[Images for object localization]
BEGIN

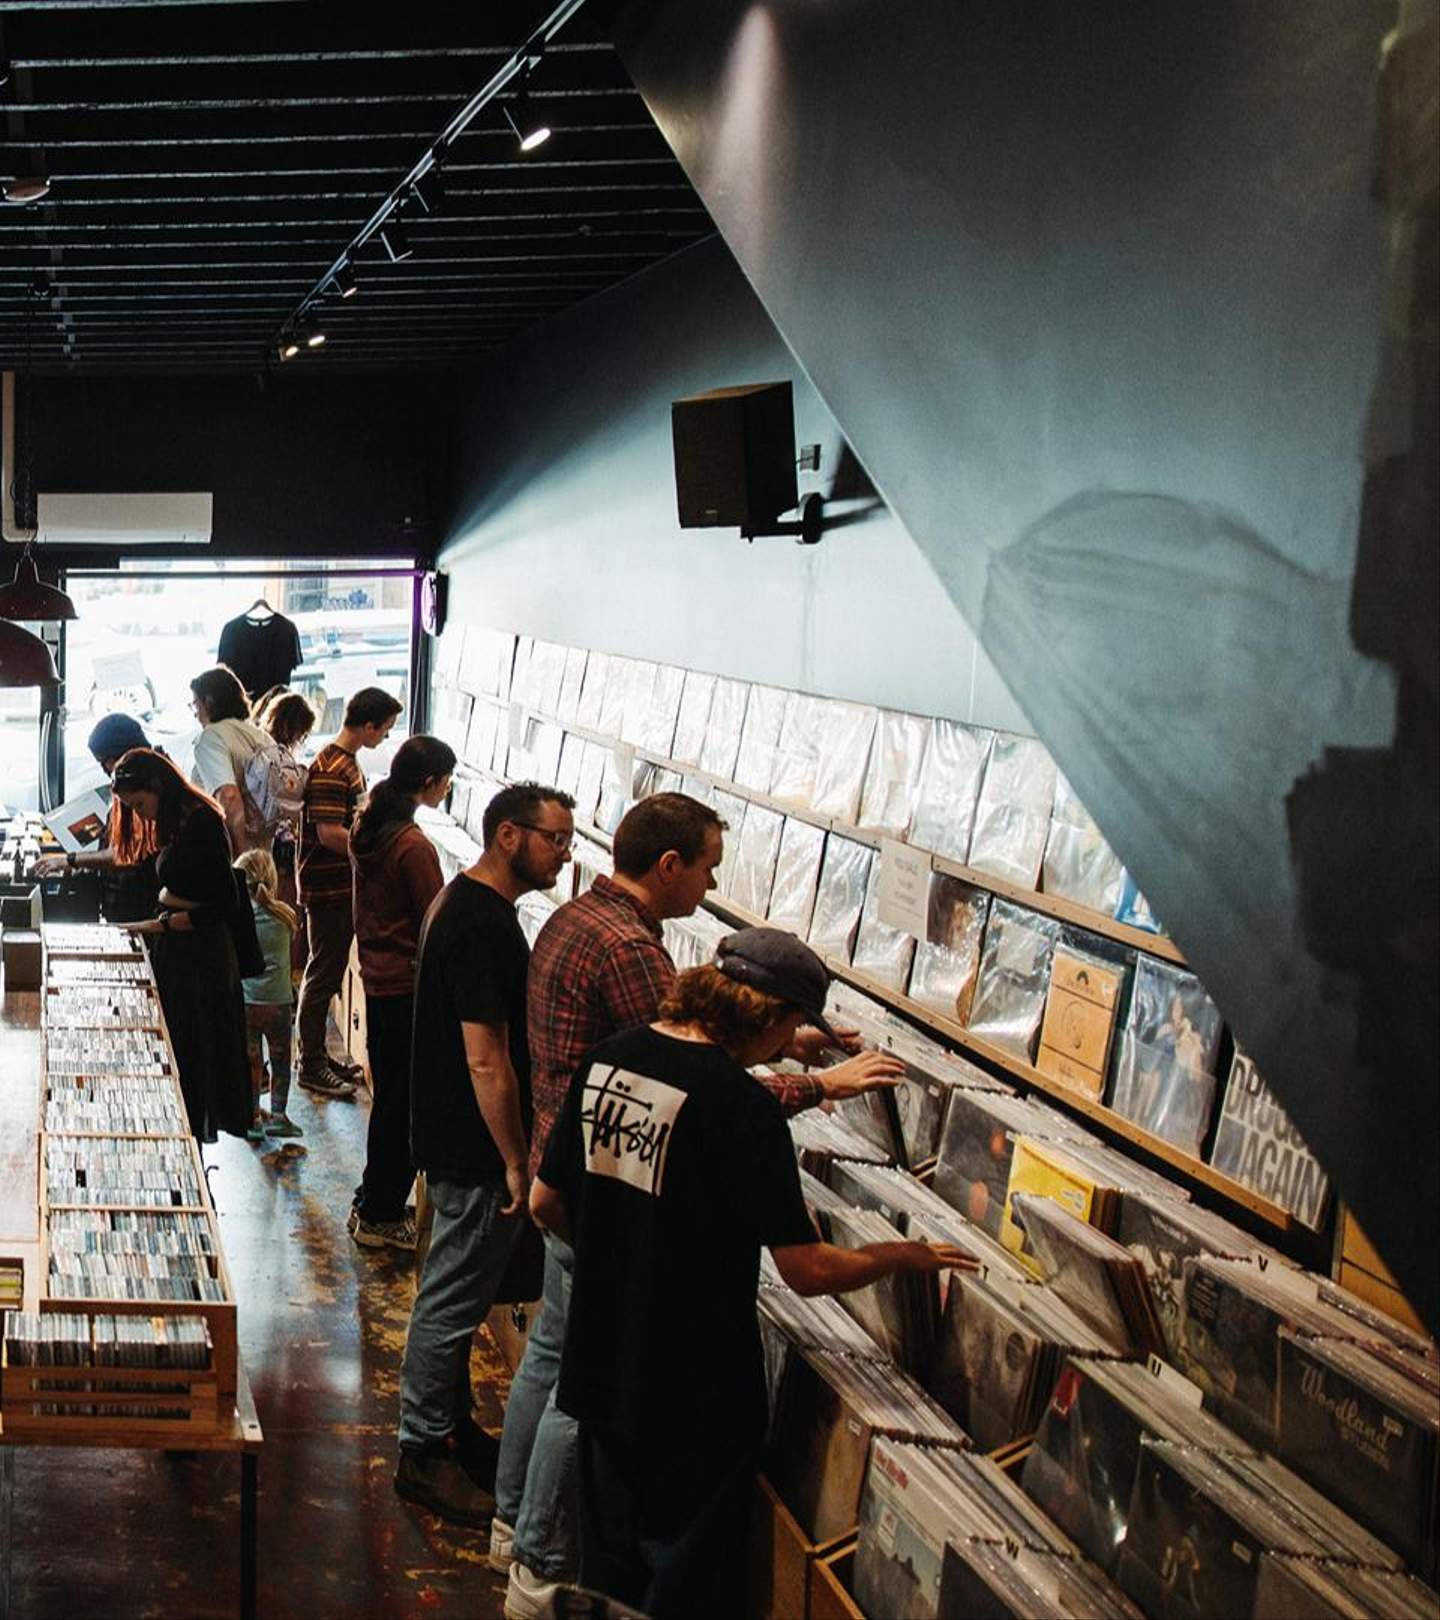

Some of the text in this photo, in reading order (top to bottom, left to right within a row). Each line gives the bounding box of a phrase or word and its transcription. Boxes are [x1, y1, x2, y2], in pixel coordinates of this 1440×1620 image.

[1237, 1131, 1328, 1228] AGAIN
[1257, 1254, 1269, 1272] V
[1151, 1358, 1162, 1378] U
[1005, 1536, 1019, 1560] W
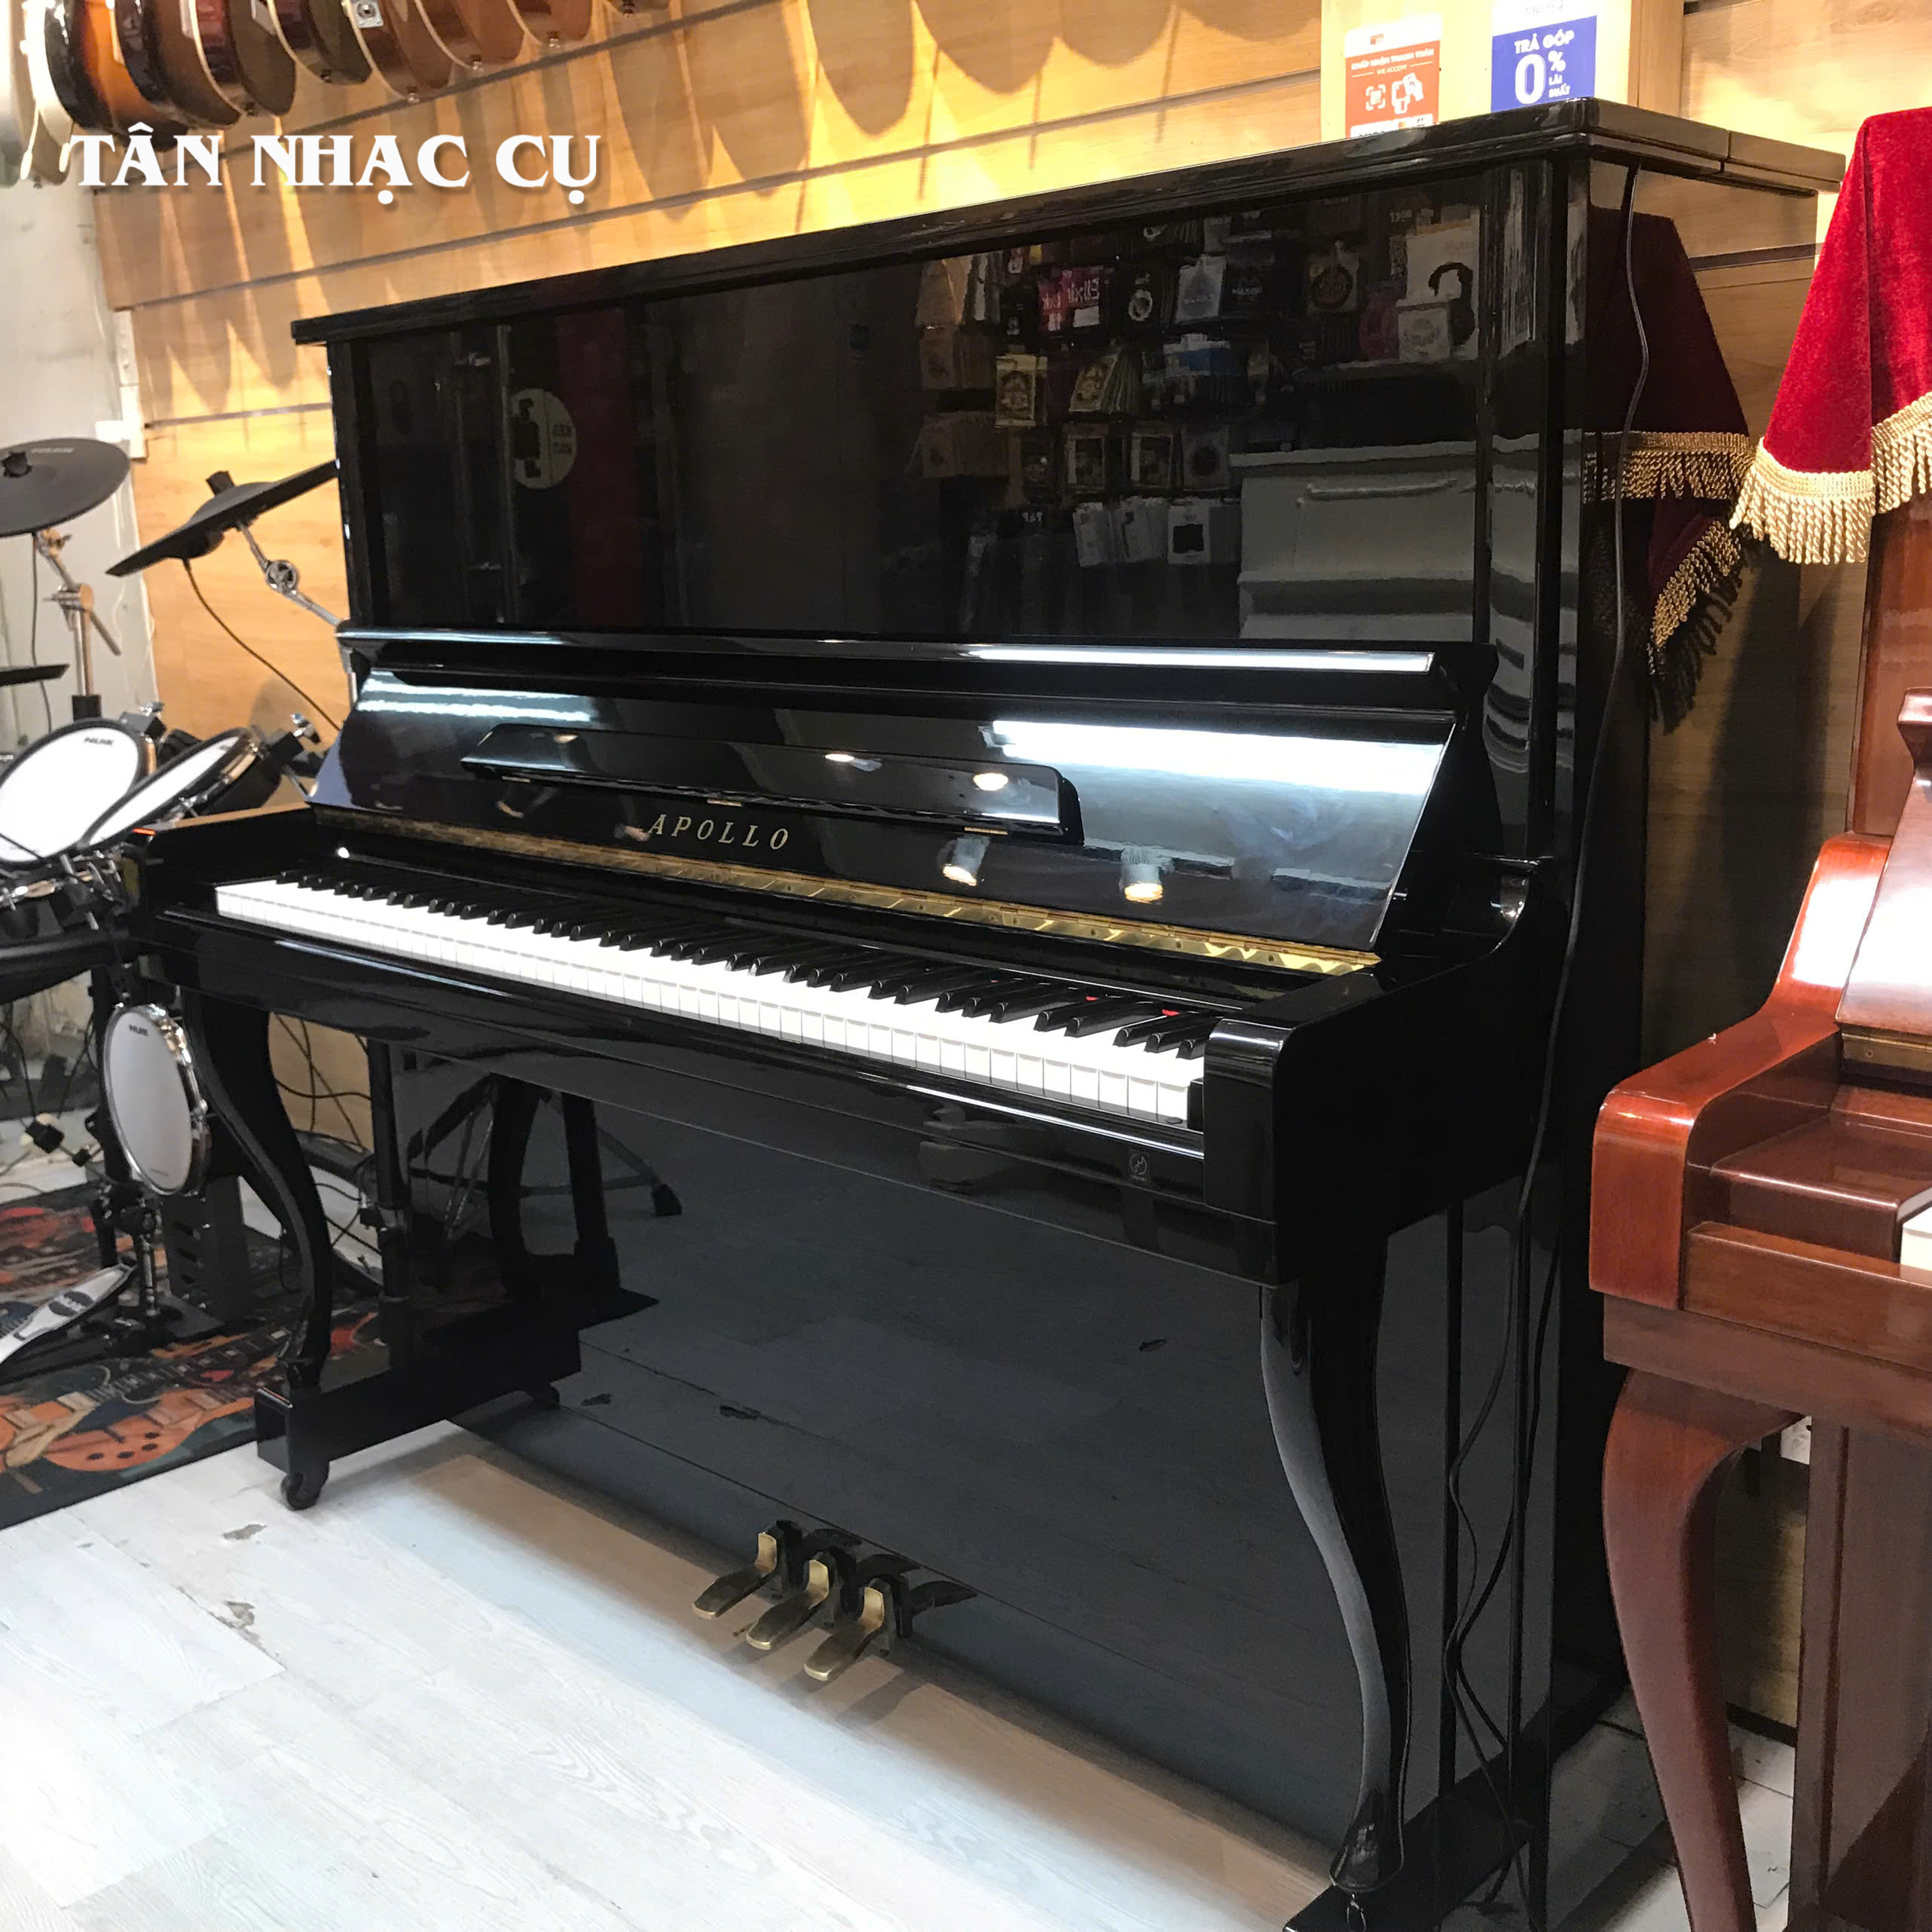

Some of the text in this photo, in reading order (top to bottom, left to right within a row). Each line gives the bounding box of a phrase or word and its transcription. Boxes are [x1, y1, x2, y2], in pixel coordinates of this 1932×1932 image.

[1514, 28, 1575, 54] TRẢ GÓP
[1386, 64, 1408, 73] ACCEPT
[647, 813, 789, 850] APOLLO

END

• [WORK TO BE COMPLETED]: Copy exactly the lines that begin with the one containing "this 1932×1932 image." and continue to the end of the records, both included, and nothing more.

• [EXPECTED OUTPUT]:
Some of the text in this photo, in reading order (top to bottom, left to right within a row). Each line gives the bounding box of a phrase or word and its transcription. Boxes are [x1, y1, x2, y2], in pixel coordinates of this 1932×1932 image.

[1514, 28, 1575, 54] TRẢ GÓP
[1386, 64, 1408, 73] ACCEPT
[647, 813, 789, 850] APOLLO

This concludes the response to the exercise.